Line by line, copy all of the data exactly.

[[ INPUT FOR THIS TASK open ]]

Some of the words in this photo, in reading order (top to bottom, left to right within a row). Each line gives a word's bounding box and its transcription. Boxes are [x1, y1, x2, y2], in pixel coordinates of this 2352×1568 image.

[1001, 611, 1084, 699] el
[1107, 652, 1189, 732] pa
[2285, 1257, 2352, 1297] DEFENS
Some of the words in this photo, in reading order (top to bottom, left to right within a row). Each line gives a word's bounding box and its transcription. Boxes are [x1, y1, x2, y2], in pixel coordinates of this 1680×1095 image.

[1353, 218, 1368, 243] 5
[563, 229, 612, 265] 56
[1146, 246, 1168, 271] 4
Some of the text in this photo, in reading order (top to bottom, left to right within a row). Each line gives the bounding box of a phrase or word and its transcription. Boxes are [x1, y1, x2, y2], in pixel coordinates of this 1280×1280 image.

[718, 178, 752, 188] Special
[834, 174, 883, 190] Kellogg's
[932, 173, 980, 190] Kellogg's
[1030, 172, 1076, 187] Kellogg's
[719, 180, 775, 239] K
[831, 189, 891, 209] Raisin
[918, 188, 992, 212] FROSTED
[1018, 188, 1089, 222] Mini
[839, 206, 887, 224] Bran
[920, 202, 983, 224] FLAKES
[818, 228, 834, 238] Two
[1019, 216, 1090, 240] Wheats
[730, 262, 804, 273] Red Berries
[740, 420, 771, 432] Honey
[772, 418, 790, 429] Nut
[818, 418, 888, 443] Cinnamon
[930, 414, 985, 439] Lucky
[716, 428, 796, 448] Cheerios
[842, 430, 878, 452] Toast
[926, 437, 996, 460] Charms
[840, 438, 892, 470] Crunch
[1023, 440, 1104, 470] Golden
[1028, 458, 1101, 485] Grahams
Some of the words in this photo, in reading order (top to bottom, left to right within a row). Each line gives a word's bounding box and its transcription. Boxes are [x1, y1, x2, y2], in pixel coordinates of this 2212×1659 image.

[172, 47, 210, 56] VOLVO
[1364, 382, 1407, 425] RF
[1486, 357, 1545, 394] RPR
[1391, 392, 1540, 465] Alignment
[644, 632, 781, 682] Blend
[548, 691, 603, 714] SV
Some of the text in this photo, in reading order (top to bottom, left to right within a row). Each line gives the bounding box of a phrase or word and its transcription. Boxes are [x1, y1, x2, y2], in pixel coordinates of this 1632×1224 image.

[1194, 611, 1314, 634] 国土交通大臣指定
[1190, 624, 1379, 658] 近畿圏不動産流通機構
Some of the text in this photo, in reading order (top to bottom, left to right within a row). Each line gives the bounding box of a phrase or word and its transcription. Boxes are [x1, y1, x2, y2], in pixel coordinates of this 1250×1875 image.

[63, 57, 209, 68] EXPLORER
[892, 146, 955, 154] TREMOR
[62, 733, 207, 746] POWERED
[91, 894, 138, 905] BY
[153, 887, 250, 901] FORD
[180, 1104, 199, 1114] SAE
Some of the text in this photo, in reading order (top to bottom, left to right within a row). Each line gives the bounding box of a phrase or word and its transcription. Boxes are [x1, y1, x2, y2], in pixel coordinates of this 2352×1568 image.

[[ INPUT FOR THIS TASK closed ]]

■ **OUTPUT FOR THIS TASK**
Some of the words in this photo, in reading order (top to bottom, left to right within a row). Each line gives a word's bounding box and its transcription. Boxes are [x1, y1, x2, y2], in pixel coordinates of this 2352×1568 image.

[1001, 611, 1084, 699] el
[1107, 652, 1189, 732] pa
[2285, 1257, 2352, 1297] DEFENS
Some of the words in this photo, in reading order (top to bottom, left to right within a row). Each line gives a word's bounding box and its transcription. Boxes are [x1, y1, x2, y2], in pixel coordinates of this 1680×1095 image.

[1353, 218, 1368, 243] 5
[563, 229, 612, 265] 56
[1146, 246, 1168, 271] 4
Some of the text in this photo, in reading order (top to bottom, left to right within a row). Each line gives the bounding box of a phrase or word and its transcription. Boxes are [x1, y1, x2, y2], in pixel coordinates of this 1280×1280 image.

[718, 178, 752, 188] Special
[834, 174, 883, 190] Kellogg's
[932, 173, 980, 190] Kellogg's
[1030, 172, 1076, 187] Kellogg's
[719, 180, 775, 239] K
[831, 189, 891, 209] Raisin
[918, 188, 992, 212] FROSTED
[1018, 188, 1089, 222] Mini
[839, 206, 887, 224] Bran
[920, 202, 983, 224] FLAKES
[818, 228, 834, 238] Two
[1019, 216, 1090, 240] Wheats
[730, 262, 804, 273] Red Berries
[740, 420, 771, 432] Honey
[772, 418, 790, 429] Nut
[818, 418, 888, 443] Cinnamon
[930, 414, 985, 439] Lucky
[716, 428, 796, 448] Cheerios
[842, 430, 878, 452] Toast
[926, 437, 996, 460] Charms
[840, 438, 892, 470] Crunch
[1023, 440, 1104, 470] Golden
[1028, 458, 1101, 485] Grahams
Some of the words in this photo, in reading order (top to bottom, left to right within a row). Each line gives a word's bounding box and its transcription. Boxes are [x1, y1, x2, y2], in pixel coordinates of this 2212×1659 image.

[172, 47, 210, 56] VOLVO
[1364, 382, 1407, 425] RF
[1486, 357, 1545, 394] RPR
[1391, 392, 1540, 465] Alignment
[644, 632, 781, 682] Blend
[548, 691, 603, 714] SV
Some of the text in this photo, in reading order (top to bottom, left to right within a row). Each line gives the bounding box of a phrase or word and its transcription. Boxes are [x1, y1, x2, y2], in pixel coordinates of this 1632×1224 image.

[1194, 611, 1314, 634] 国土交通大臣指定
[1190, 624, 1379, 658] 近畿圏不動産流通機構
Some of the text in this photo, in reading order (top to bottom, left to right within a row). Each line gives the bounding box of a phrase or word and its transcription. Boxes are [x1, y1, x2, y2], in pixel coordinates of this 1250×1875 image.

[63, 57, 209, 68] EXPLORER
[892, 146, 955, 154] TREMOR
[62, 733, 207, 746] POWERED
[91, 894, 138, 905] BY
[153, 887, 250, 901] FORD
[180, 1104, 199, 1114] SAE
Some of the text in this photo, in reading order (top to bottom, left to right within a row). Each line gives the bounding box of a phrase or word and its transcription. Boxes are [x1, y1, x2, y2], in pixel coordinates of this 2352×1568 image.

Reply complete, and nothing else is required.